Comunità energetiche, autoconsumo, benefici e criticità. Ne abbiamo parlato con il senatore Paolo Arrigoni (Lega), membro della Commissione permanente Territorio, Ambiente e Beni ambientali del Senato e responsabile del Dipartimento Energia della Lega.
Le comunità energetiche rinnovabili dovrebbero essere, o potrebbero essere, il volano del nuovo sviluppo previsto dal PNRR (Piano Nazionale di Ripresa e Resilienza) per tutto il sistema energetico sostenibile italiano. E’ effettivamente così?
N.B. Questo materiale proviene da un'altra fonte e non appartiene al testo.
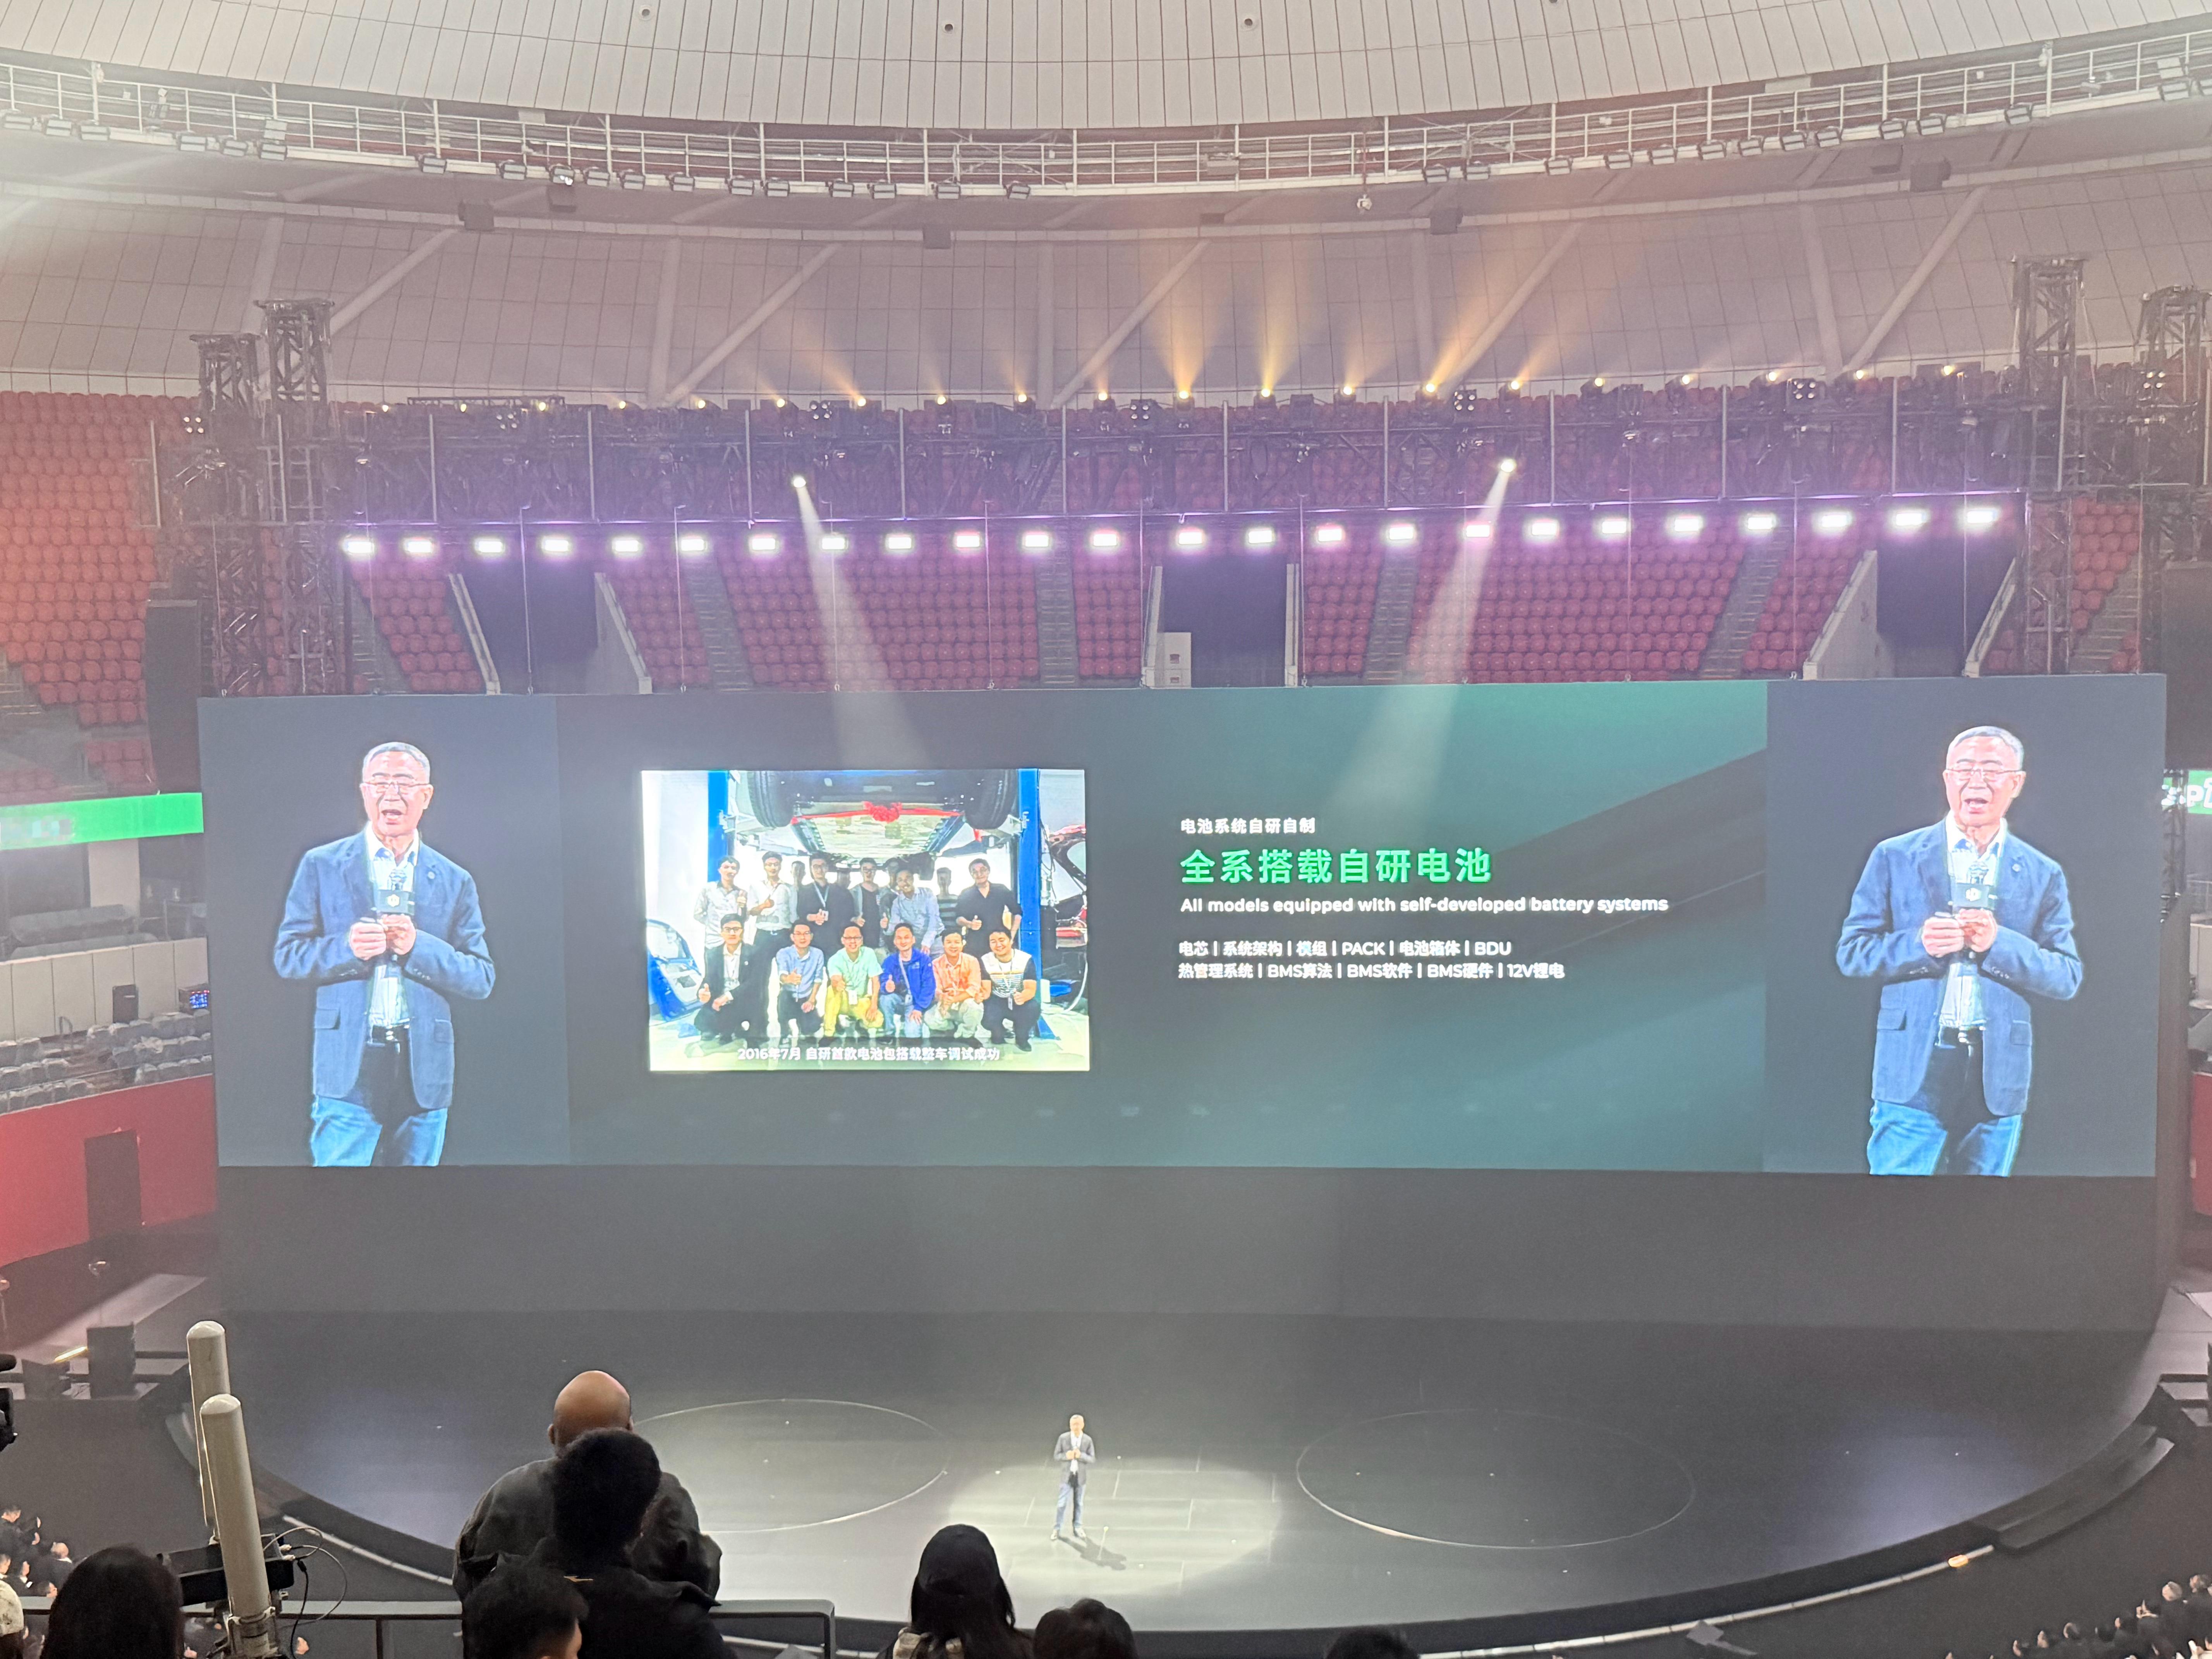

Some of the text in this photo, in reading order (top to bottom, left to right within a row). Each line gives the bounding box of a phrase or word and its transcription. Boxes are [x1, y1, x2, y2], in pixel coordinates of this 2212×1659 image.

[1181, 817, 1316, 834] 电池系统自研自制
[1180, 848, 1492, 883] 全系搭载自研电池
[1180, 896, 1669, 914] All models equipped with self-developed battery systems
[1179, 940, 1511, 957] 电芯 系统架构 模组 PACK 电池箱体 BDU
[1178, 963, 1254, 979] 热管理系统
[1267, 963, 1333, 979] BMS算法
[1347, 962, 1413, 979] BMS软件
[1427, 962, 1494, 979] BMS硬件
[738, 1048, 800, 1060] 2016年7月
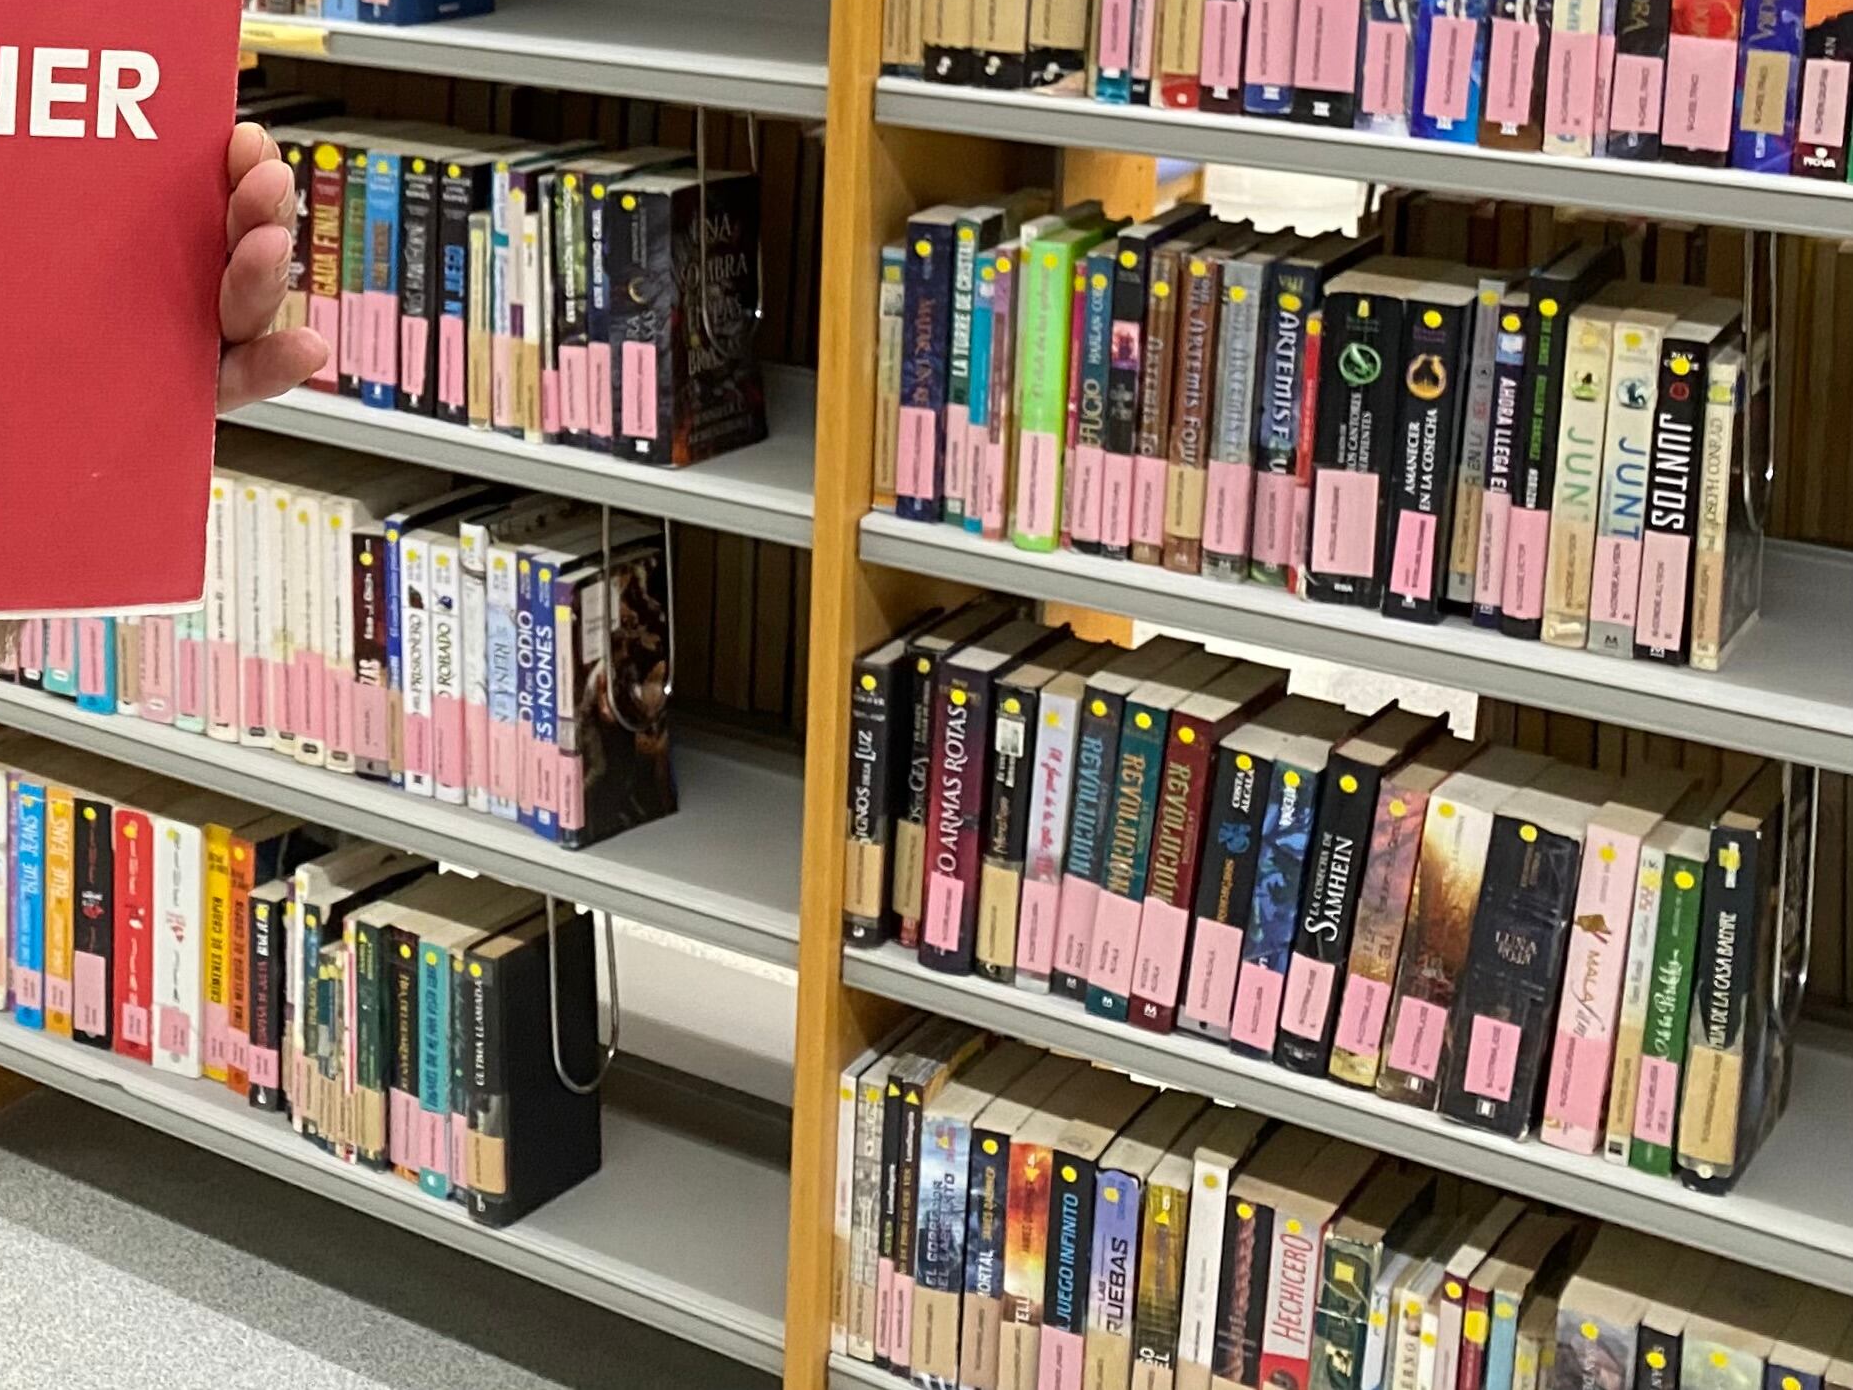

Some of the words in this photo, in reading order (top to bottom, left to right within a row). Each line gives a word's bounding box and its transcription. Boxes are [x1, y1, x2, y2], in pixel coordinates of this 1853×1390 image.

Le comunità energetiche rinnovabili sono sicuramente uno dei volani più importanti per la transizione ecologica che caratterizzerà il nostro Paese da qui in futuro, ma non l’unico. Presuppongono un impulso all’installazione di impianti rinnovabili e accelereranno, quindi, quel cambio di paradigma che è in corso sostanzialmente dall’inizio degli anni duemila. Allora il sistema di produzione di energia elettrica era concentrato in poche centinaia di impianti idroelettrici e di centrali termoelettriche, a carbone e a gas naturale. Ora sta diventato sempre più un sistema di produzione distribuito che già oggi conta un milione e centomila impianti realizzati grazie anche, ma non solo, al Conto Energia e ai successivi incentivi fiscali. Visti i tempi, le comunità energetiche cresceranno ancora di più e non si parlerà soltanto di autoconsumatori ma di “prosumer”, cioè di coloro che producono energia mettendola a disposizione non solo per sé ma anche di altri soggetti geograficamente vicini.
Quali sono i benefici?
I benefici sono diversi: di natura ambientale, perché l’aumento di impianti da fonti rinnovabili (non solo fotovoltaico ma anche micro e mini idroelettrico) consentirà di ridurre la produzione da fonti fossili; economici, perché questi nuovi strumenti faranno diminuire il peso delle bollette dell’energia elettrica per i soggetti che si saranno aggregati in una comunità energetica; e infine anche benefici sociali. Dal punto vista economico stiamo parlando di somme importanti. Ci saranno tariffe incentivanti per ogni Kwh di energia prodotta e condivisa, proventi per la vendita in rete dell’energia elettrica, detrazioni fiscali. Inoltre con il PNRR il Governo ha stanziato 2,2 miliardi dei 70 della Missione 2 “Rivoluzione Verde” proprio per sostenere lo sviluppo delle comunità energetiche rinnovabili, con una particolarità: questi fondi sono destinati ai comuni sotto i cinquemila abitanti che, proprio perché così piccoli, sono anche quelli più a rischio spopolamento, in particolare quelli montani.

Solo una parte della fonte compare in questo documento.